Осознать разрушительные последствия этой пагубной привычки.




> Реальная проблема - очень сильное желание есть вечером. Что об этом говорит буддизм? Какие есть от этого противоядия?


Конкретный совет дать трудно, для этого необходимо знать особенности Вашего организма. Но, как минимум, можно дать такой совет: для начала начните питаться регулярно, в одно и то же время. Если Вы не сможете сделать даже этого -- никакие советы по питанию Вам не помогут.  :Wink:

----------

Дмитрий Аверьянов (12.03.2013), Иван Денисов (12.03.2013), Маркион (13.03.2013), Топпер- (12.03.2013)

----------


## Александр Серёгин

Что такое биологические ритмы и как им следовать.
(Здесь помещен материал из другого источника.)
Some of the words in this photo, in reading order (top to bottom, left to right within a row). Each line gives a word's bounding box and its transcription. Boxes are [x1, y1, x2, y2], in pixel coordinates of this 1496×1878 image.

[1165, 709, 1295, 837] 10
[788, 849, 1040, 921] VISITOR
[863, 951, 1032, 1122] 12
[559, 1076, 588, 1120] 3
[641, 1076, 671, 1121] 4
Отвечая  на данный вопрос нашелся бы и ответ.
Да одно из значений придает решимость просто "поглазеть" на еду вместо того, чтоб её потребить.
Но если вы работаете  тяжелым физическим трудом, то  обязательно нужна гимнастика и душ.
Если же вы умственно работаете, то ощущение голода спровоцированное от работы мозга - вот тут "шубись". смена деятельности на рефлексию в самый раз подойдет. Последите какие мысли у вас возникают при виде еды.
А потом когда кушаете всегда думайте сколько же народу вам доставило этот рацион - его очень много народу-то. А там уж и понимание придёт, что кушая вы напрягаете остальных работать  :Smilie:  Всегда *кушайте осмысленно* - так Будда велел.

----------

Иван Денисов (12.03.2013)

----------


## Нико

> Осознать разрушительные последствия этой пагубной привычки.
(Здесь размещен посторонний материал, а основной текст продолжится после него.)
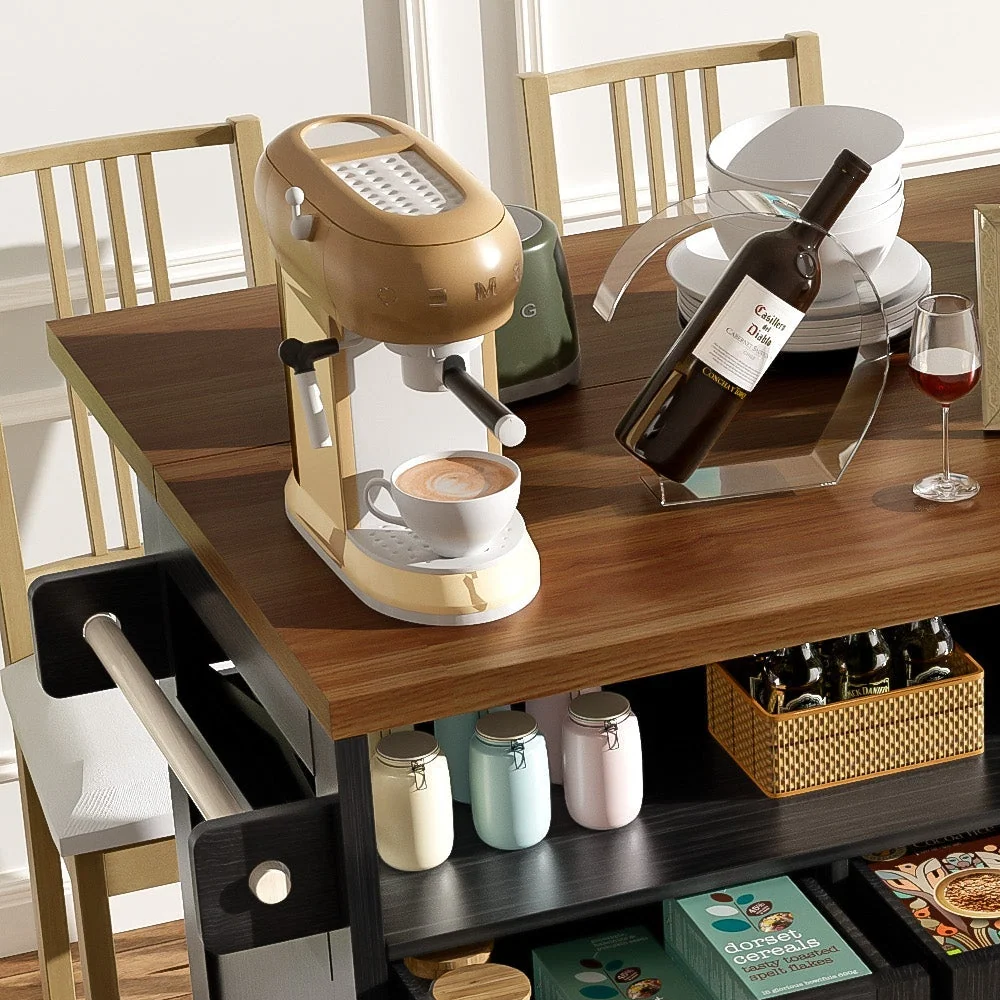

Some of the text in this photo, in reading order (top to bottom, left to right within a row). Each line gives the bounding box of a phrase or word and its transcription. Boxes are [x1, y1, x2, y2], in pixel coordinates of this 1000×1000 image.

[746, 323, 773, 347] Diablo
[724, 929, 802, 954] dorset
[733, 937, 820, 965] cereals
[742, 945, 840, 973] tasty toasted
[749, 956, 834, 982] spelt flakes
[771, 982, 803, 994] glorious
[804, 974, 837, 987] bowlfuls
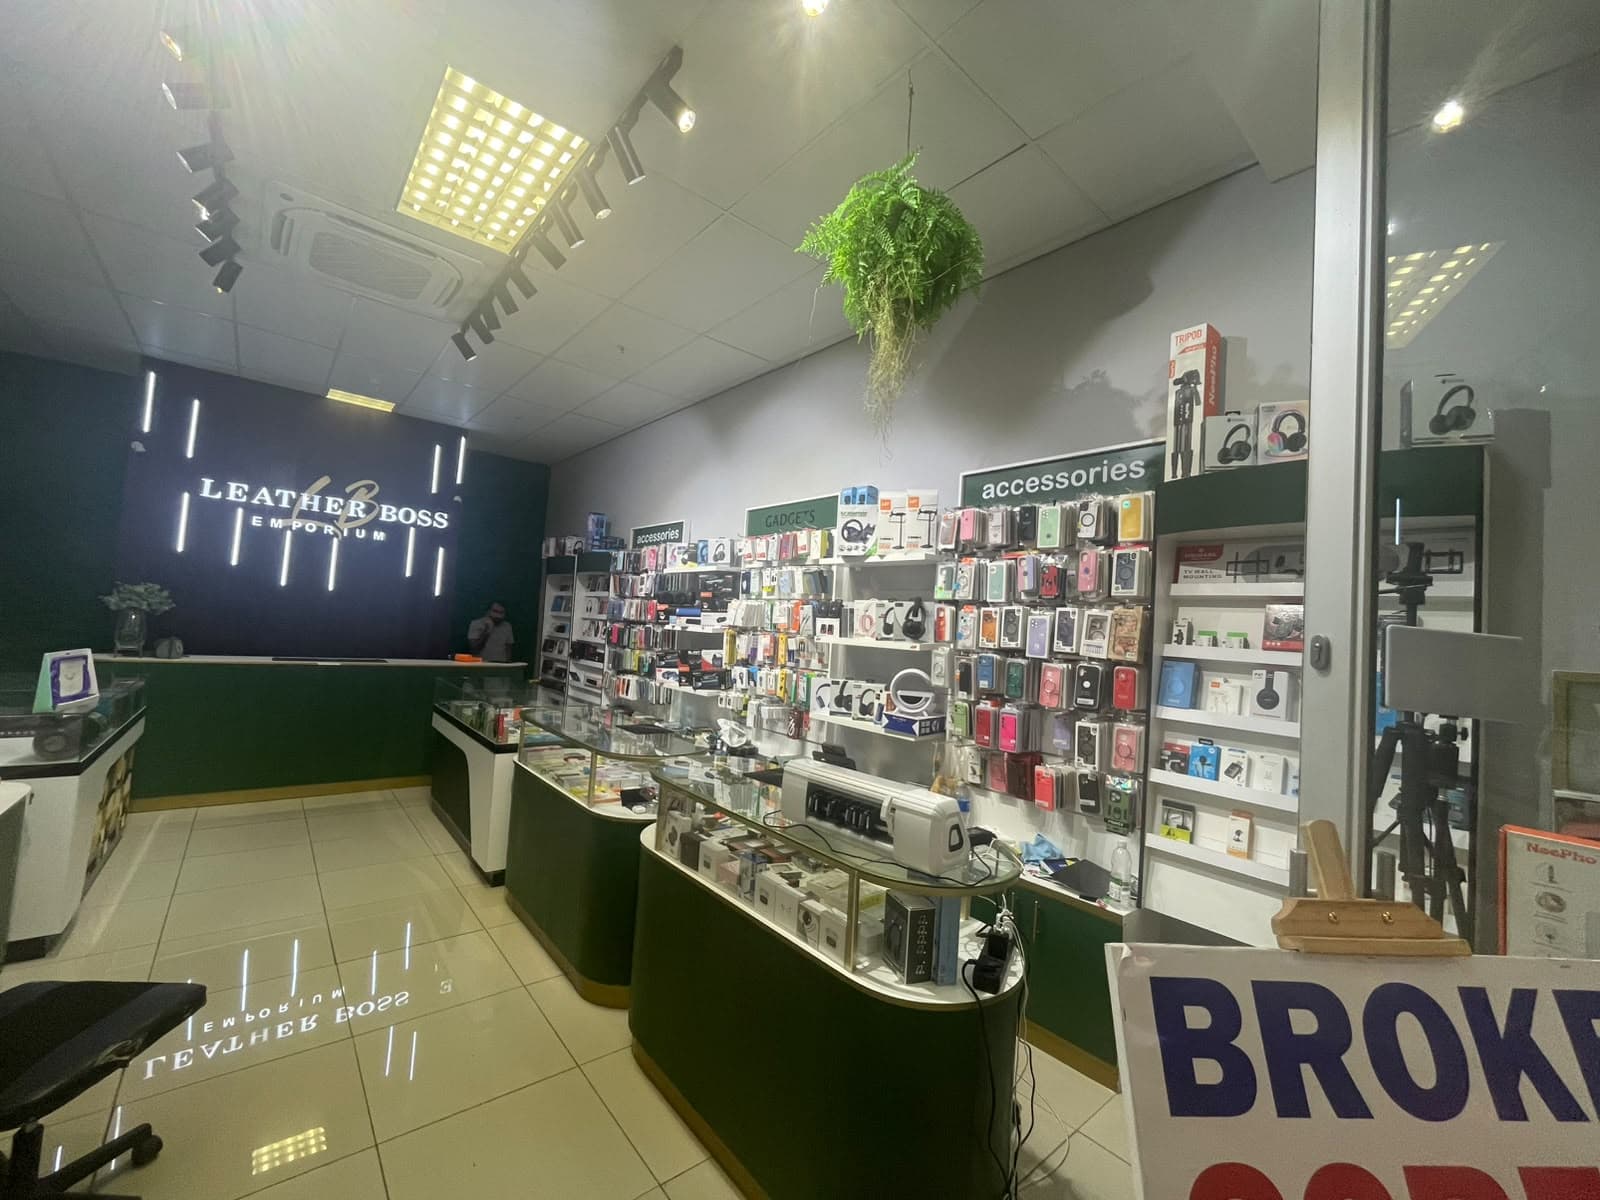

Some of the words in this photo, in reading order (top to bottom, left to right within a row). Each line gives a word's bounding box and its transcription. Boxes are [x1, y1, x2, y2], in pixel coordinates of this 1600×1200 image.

Бао, согласитесь, что бифштекс средней прожаренности с соусом и квашеной капустой под вечер -- дело почти непреодолимое. )

----------

Иван Денисов (12.03.2013)

----------


## Бо

А что плохого в том чтобы есть вечером? Если человек занимается физическим трудом и работает по 12 часов в сутки, и возвращается домой за полночь? Поешьте и забудьте. Чревоугодие - это когда вы заплыли жиром и не пролезаете через дверной косяк.

----------

Алик (14.03.2013), Иван Денисов (12.03.2013), Топпер- (12.03.2013)

----------


## Топпер

Ну или, в конце концов, можно дверь расширить  :Smilie:

----------

Буль (13.03.2013), Дхармананда (13.03.2013), Иван Денисов (12.03.2013), Маркион (13.03.2013), Нико (12.03.2013)

----------


## Нико

> А что плохого в том чтобы есть вечером? Если человек занимается физическим трудом и работает по 12 часов в сутки, и возвращается домой за полночь? Поешьте и забудьте. Чревоугодие - это когда вы заплыли жиром и не пролезаете через дверной косяк.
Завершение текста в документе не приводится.